In the cases of unknown aetiology which there are more cases than we can imagine, I think the general mode of operation for the doctors is one of nihilism.

They will make piecmeal attempts at drilling down to aetiology but tend to leave this work to researchers. I do not believe many doctors have much active interest in furthering knowledge or understanding or having promoting the prospect of their patients participating in schemes to aggressively uncover the truths of the disease.

It does not seem to matter how severely effected an individual is and the what the will of the patient or parents are. The doctors are stuck in a paradigm paralysis. They try to identify the symptoms apply their taught methodology to the case and output a diagnosis.

I myself via my little daughter know the frustration of this situation.

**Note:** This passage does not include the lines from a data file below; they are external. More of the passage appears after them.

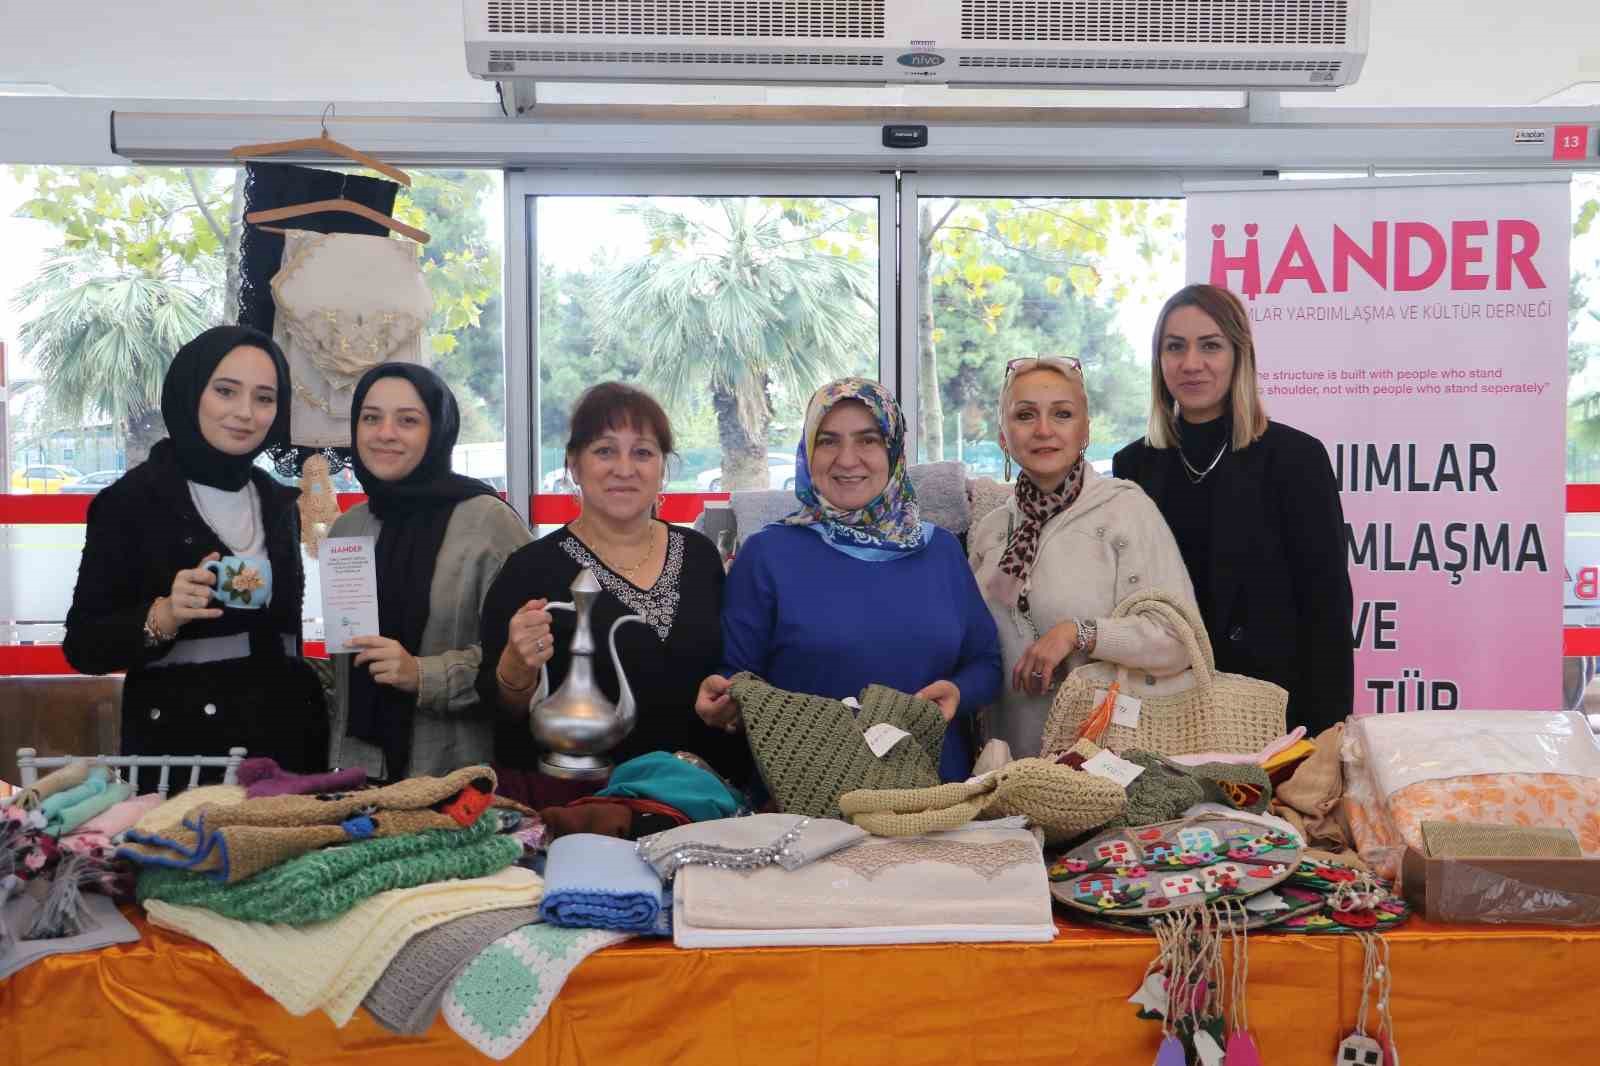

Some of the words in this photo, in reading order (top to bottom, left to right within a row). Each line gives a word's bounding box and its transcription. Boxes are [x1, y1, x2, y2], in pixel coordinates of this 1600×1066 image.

[1563, 136, 1579, 148] 13
[1209, 219, 1546, 300] HANDER
[1286, 306, 1395, 324] YARDIMLAŞMA
[1400, 304, 1417, 319] VE
[1423, 302, 1481, 319] KÜLTÜR
[1486, 300, 1552, 318] DERNEĞİ
[1273, 370, 1324, 380] structure
[1328, 370, 1337, 380] is
[1341, 369, 1366, 380] built
[1369, 369, 1393, 379] with
[1397, 368, 1438, 381] people
[1440, 368, 1466, 379] who
[1469, 367, 1502, 378] stand
[1267, 384, 1319, 396] shoulder,
[1323, 384, 1341, 394] not
[1344, 384, 1369, 394] with
[1373, 383, 1413, 396] people
[1416, 382, 1441, 394] who
[1444, 382, 1477, 393] stand
[1353, 601, 1396, 649] VE

There is an unwritten rule amongst doctors I believe that , it is not their role to learn or participate in the furthering of knowledge but to apply the knowledge, which i believe is a dangerous position since it would seem logical that with the pressure of workload it is entirely likely that the doctors will not be aware of all pieces of information that might form part of a puzzle or where the information they have will be of interest to other researchers.

I guess the doctors do what they do with mostly good intentions I hope, it is more painful to imagine otherwise , still there is much lacking in the understanding , organisation and dissemination of knowledge in the field. So called experts are so often not that knowledgable with huge gaps and a serious lack of initiative or willingness to think about a subject.

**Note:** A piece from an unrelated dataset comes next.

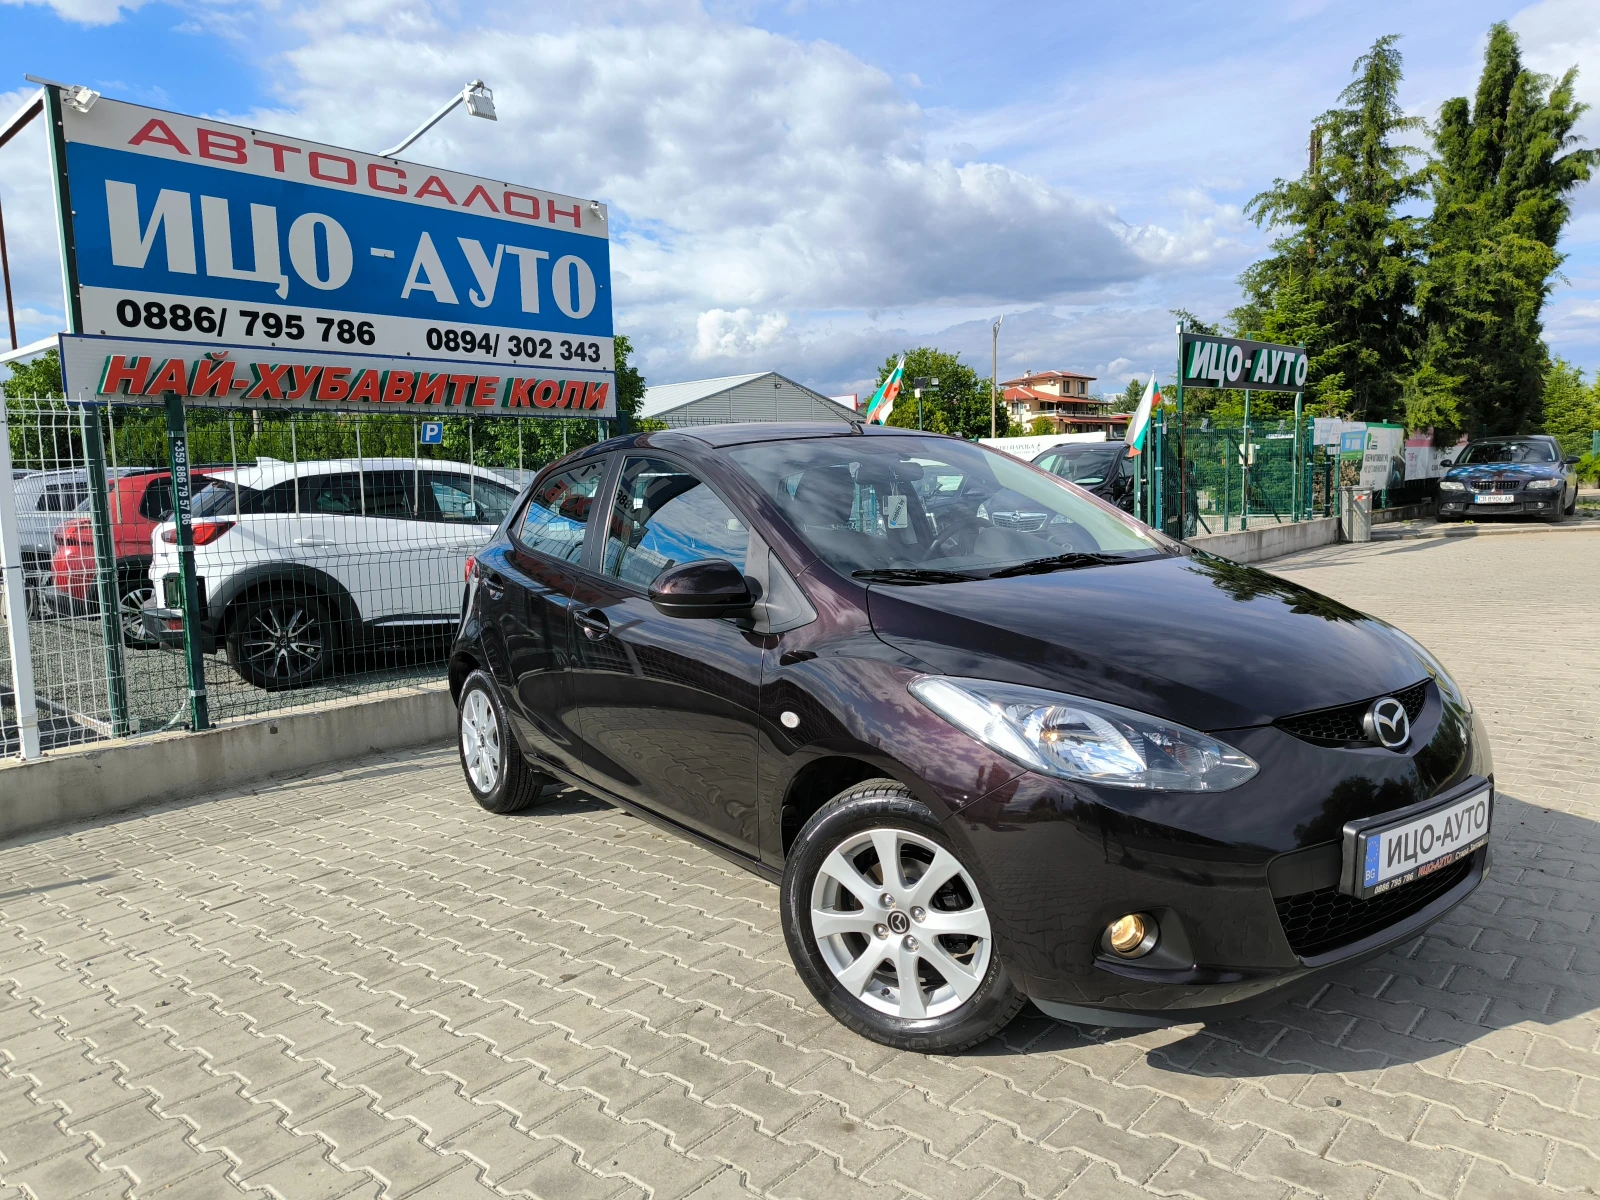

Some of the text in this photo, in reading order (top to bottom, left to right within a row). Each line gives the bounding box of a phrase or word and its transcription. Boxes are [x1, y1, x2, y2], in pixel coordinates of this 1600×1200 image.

Each parent wants all avenues explored and more, realistically it is very difficult mainly for economic reasons. i.e cost in ordering endless tests and studies and brainpower time of specialists.

I don’t disagree with your perspective on the word. However, I think attaching ‘partial’ to ‘diagnosis’ does not increase the specificity of how the latter is used. If that was your intent – ? Alternatively, perhaps you meant only to accentuate your disgust over the oblique use of ‘diagnosis’.

Much of your complaint resides in the historical use of words – which requires real time to modify in the vernacular. Which reminds of a comment I left elsewhere recently. In an online commentary on eliminating the R-word from use…..I opined that I thought a language change followed behavioral change and not vise versa.

Behaviorally, physicians and parents are becoming more diagnostically specific in practice and caregiving. However, the small majority of parents are in the intellectual circle of those herein, and like Kelly, physicians often find it easier to use commonly understood terms like CP. Those parents who can seek further information will.

Some physicians are near 70 years old, and some are several years from 30.

Kelly’s question makes me think, why are people so curious about other people’s diagnoses, and bothered when they don’t have them?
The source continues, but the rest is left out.